Ocean shipping rates are expected to stay elevated well into 2022, setting up another year of booming profits for global cargo carriers – and leaving smaller companies and their customers paying more for just about everything. The spot rate for a 40-foot container to the U.S. from Asia topped $20,000 last year, up from less than $2,000 a few years ago. In addition to tight container capacity and port congestion mean that longer term rates set in contracts between carriers and shippers are running an estimated 200% higher than a year ago, signaling elevated prices for the foreseeable future.

The arrival of omicron has provided a timely reminder of the unpredictability of the pandemic. The emergence of new variants during 2022 could accentuate some of the current pressures. In this context, China’s continuing zero-COVID strategy with its tight border restrictions could create problems.

Worker shortages caused by the omicron coronavirus variant and haggling over a new dockworkers contract are likely to aggravate costly supply chain jams over the next several months, clouding prospects for quick relief from the highest inflation in four decades.

Freight is taking longer than ever to cross the Pacific, with goods requiring an average of 113 days to travel from Chinese factory gates to American hands, according to data from Flexport, a freight forwarder. On Friday, the floating traffic jam of container ships waiting to enter the Ports of Los Angeles and Long Beach numbered a near-record 106 vessels, according to the Marine Exchange of Southern California, a nonprofit maritime group.

The fast-spreading variant already is hollowing out staffs at U.S. factories and warehouses. Logistics experts worry that the omicron variant could hit every link in the global supply chain. Bank of America estimates that about 4.2 million U.S. workers with jobs that cannot be done from home — everyone from waiters to forklift drivers — will need to quarantine as omicron peaks. The big worry is that the virus could thin port crews in China as authorities try to maintain their hard zero-covid line in the face of the fiercely infectious variant. JPMorgan Chase economists warned that new lockdowns could mean Asian manufacturing bottlenecks.

Amid signs that omicron may be peaking in New York and D.C., shippers anticipate that any disruption from the variant will prove short-lived. But another threat looms in the spring. In about two months, negotiators for the cargo carriers and the International Longshore and Warehouse Union are expected to begin talks aimed at a new contract. Shippers fear a repeat of the work slowdowns and employer retaliation that snarled West Coast ports for several months during the 2014-2015 round of talks and ultimately required federal mediation. The upcoming negotiations are expected to turn on employer demands for further port automation to keep pace with the most efficient European and Asian facilities — demands the union is likely to resist, for fear of losing jobs.

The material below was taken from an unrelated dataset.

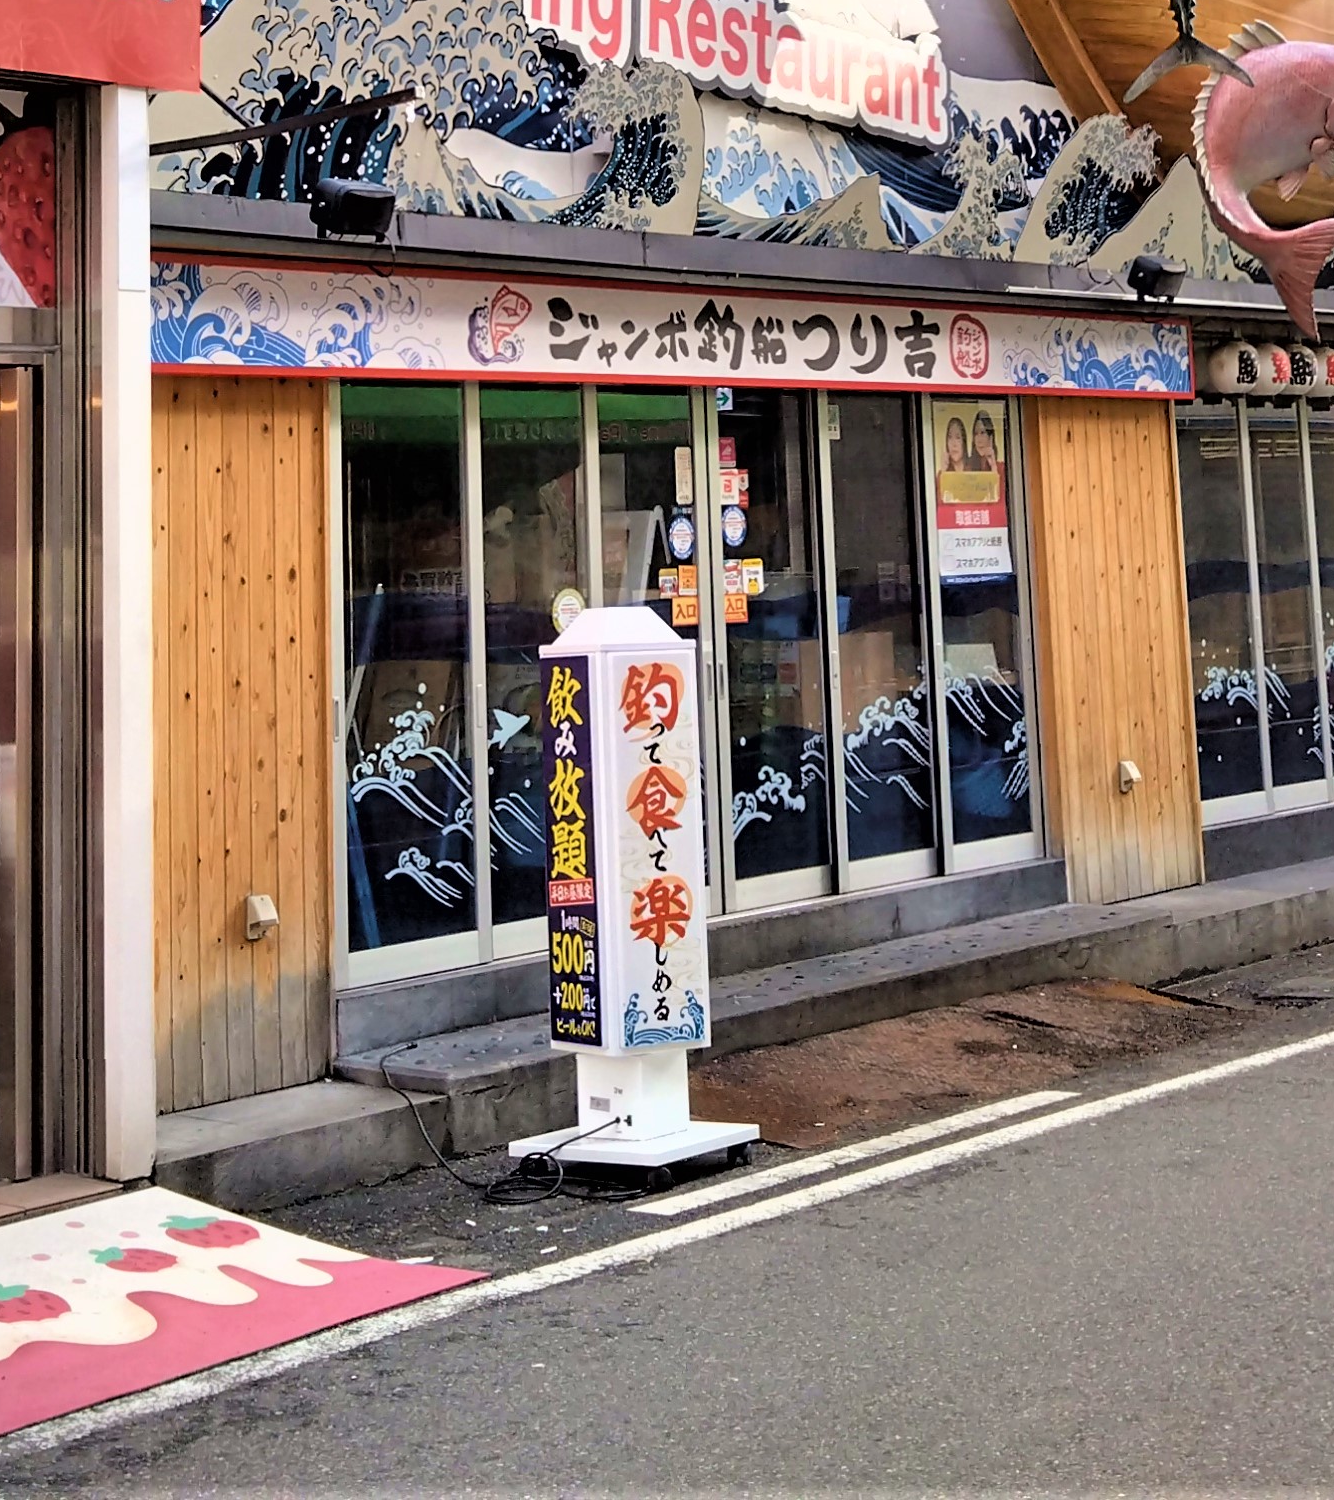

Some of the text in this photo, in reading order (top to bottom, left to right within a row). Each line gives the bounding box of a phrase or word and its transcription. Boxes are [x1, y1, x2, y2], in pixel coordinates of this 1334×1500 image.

[547, 297, 941, 379] ジャンボ釣船つり吉
[675, 604, 697, 620] 入口
[727, 598, 744, 612] 入口
[546, 665, 588, 880] 飲み放題

Maersk, one of the biggest global shipping companies, this past week issued a customer advisory saying if the situation deteriorated it would consider sailing more slowly to avoid creating a seaborne traffic jam, opening alternative container storage sites or “moving more cargo via alternative modes.”

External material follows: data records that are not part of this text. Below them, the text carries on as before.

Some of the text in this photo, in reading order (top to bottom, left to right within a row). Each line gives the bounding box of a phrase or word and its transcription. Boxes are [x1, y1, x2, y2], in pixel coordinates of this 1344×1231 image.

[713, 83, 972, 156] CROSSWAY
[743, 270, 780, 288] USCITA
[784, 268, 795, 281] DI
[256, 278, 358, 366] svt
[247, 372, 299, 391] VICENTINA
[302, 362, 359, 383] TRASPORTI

Meanwhile, the backbone of the postwar march toward globalization is coming through the pandemic in the strongest position in its history. Ocean freight carriers pulled in estimated profits of $150 billion in 2021 – a nine-fold jump after a decade of difficulty eking out any gains.

The extended windfall has touched a raw nerve across the political spectrum as economists warn that persistently high transportation prices are stoking inflation and clouding the recovery. High costs for freight that used to fan only temporary spells of inflation upticks are becoming longer-term features of economies in the U.S. and elsewhere.

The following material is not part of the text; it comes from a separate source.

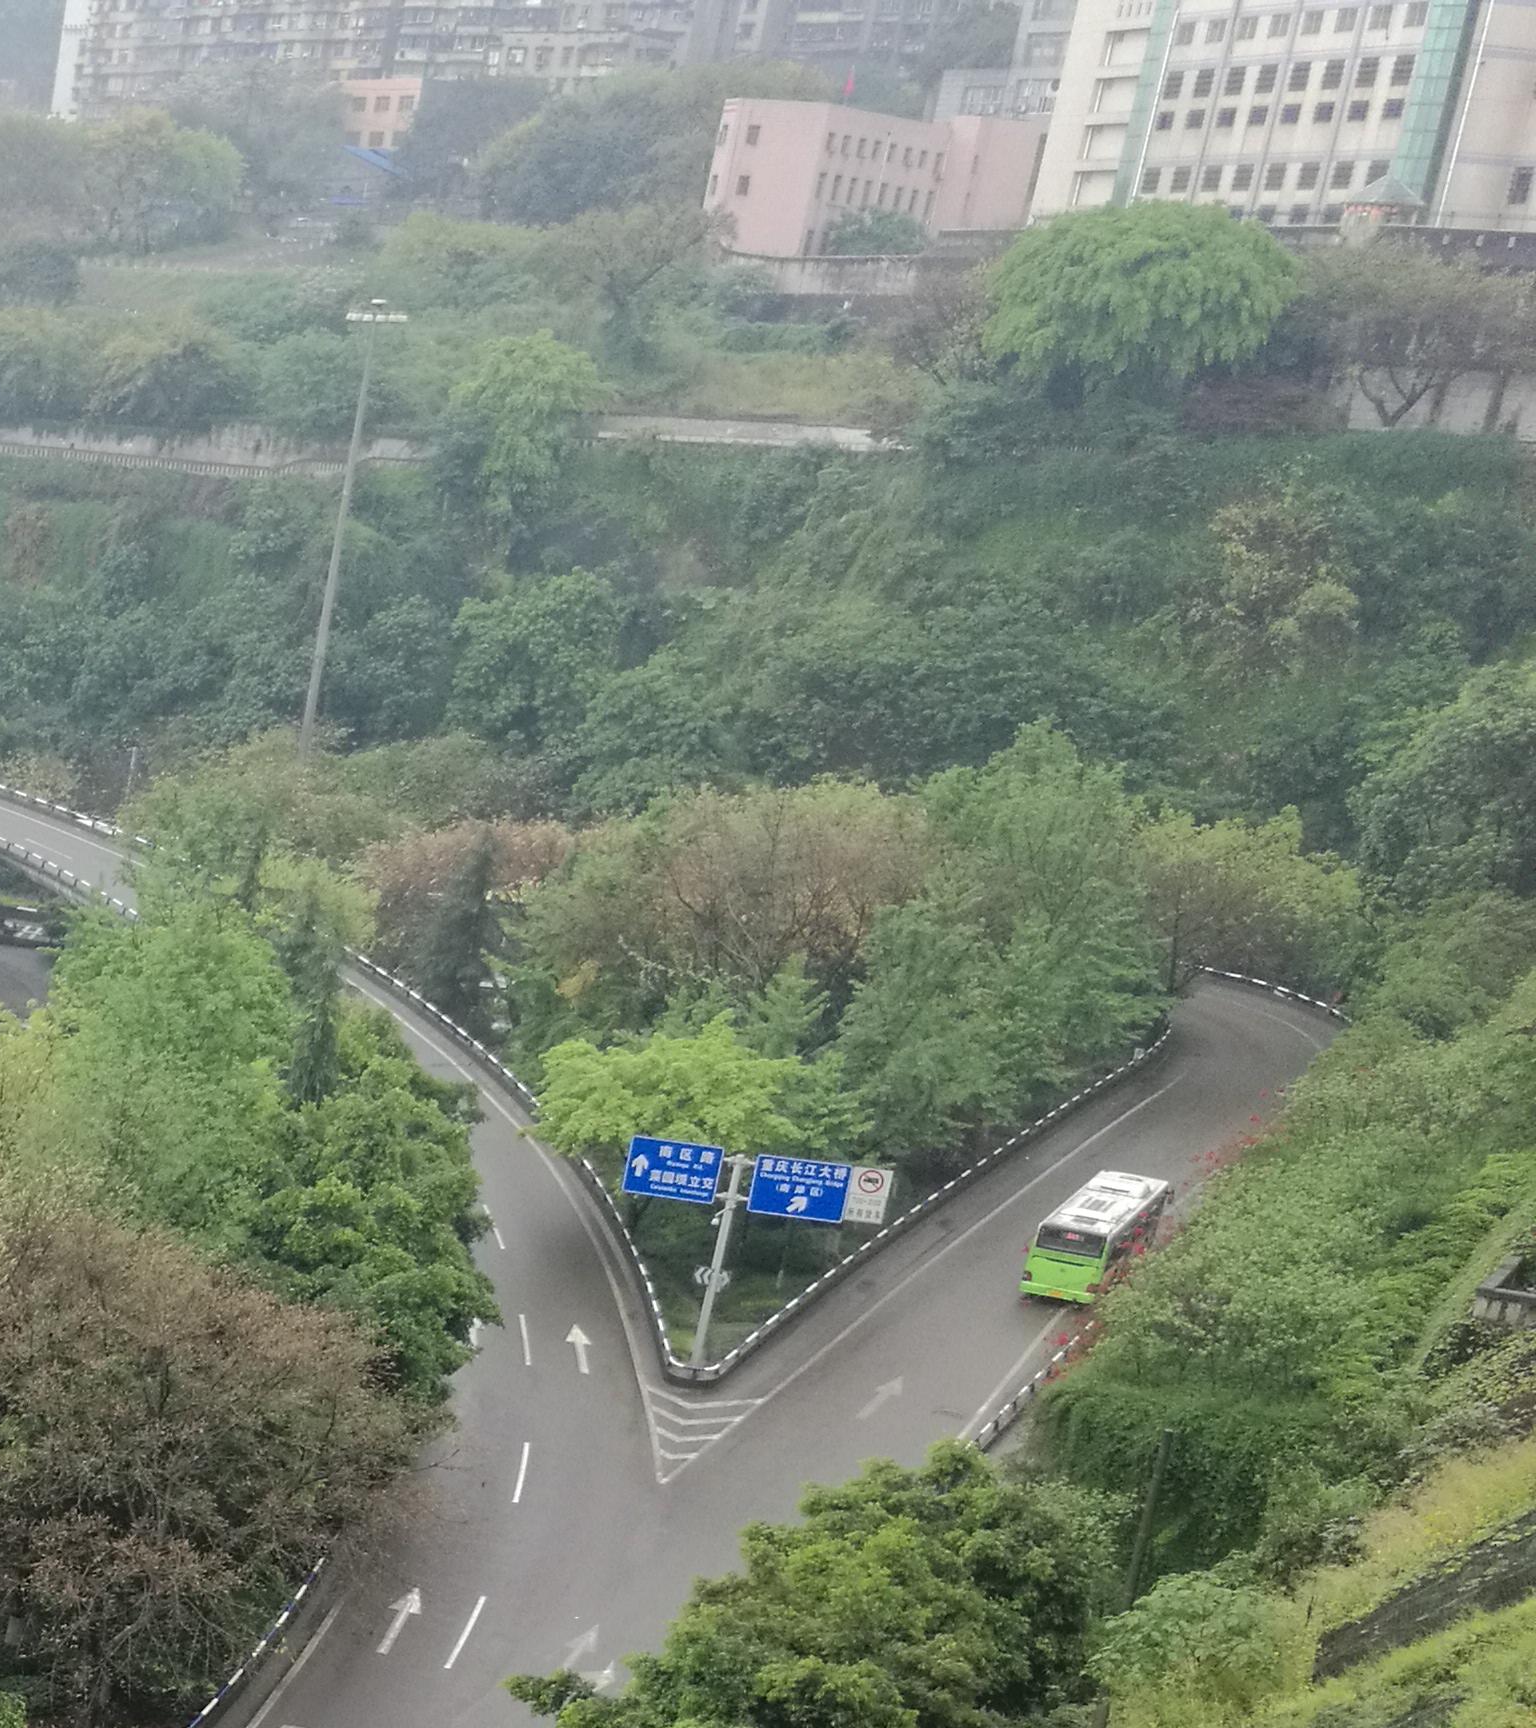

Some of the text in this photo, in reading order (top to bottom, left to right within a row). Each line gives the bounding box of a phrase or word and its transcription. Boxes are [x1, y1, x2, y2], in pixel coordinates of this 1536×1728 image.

[760, 1158, 848, 1181] 重庆长江大桥

The roaring demand severely disrupted supply chains. Major ports in the U.S. couldn’t process imports fast enough, trucking companies fell short on drivers, and warehouses ran out of space. Fully loaded ships idled off California beaches for weeks because of port congestion. Suddenly, an industry that had plied the seas largely unnoticed by the general public had become a highly conspicuous target.

Regardless of who’s to blame, customers are anguishing over the situation. Smaller importers and exporters have seen their cargo getting “rolled” – bumped like passengers from an oversold flight – and sometimes canceled outright despite contractual obligations with carriers.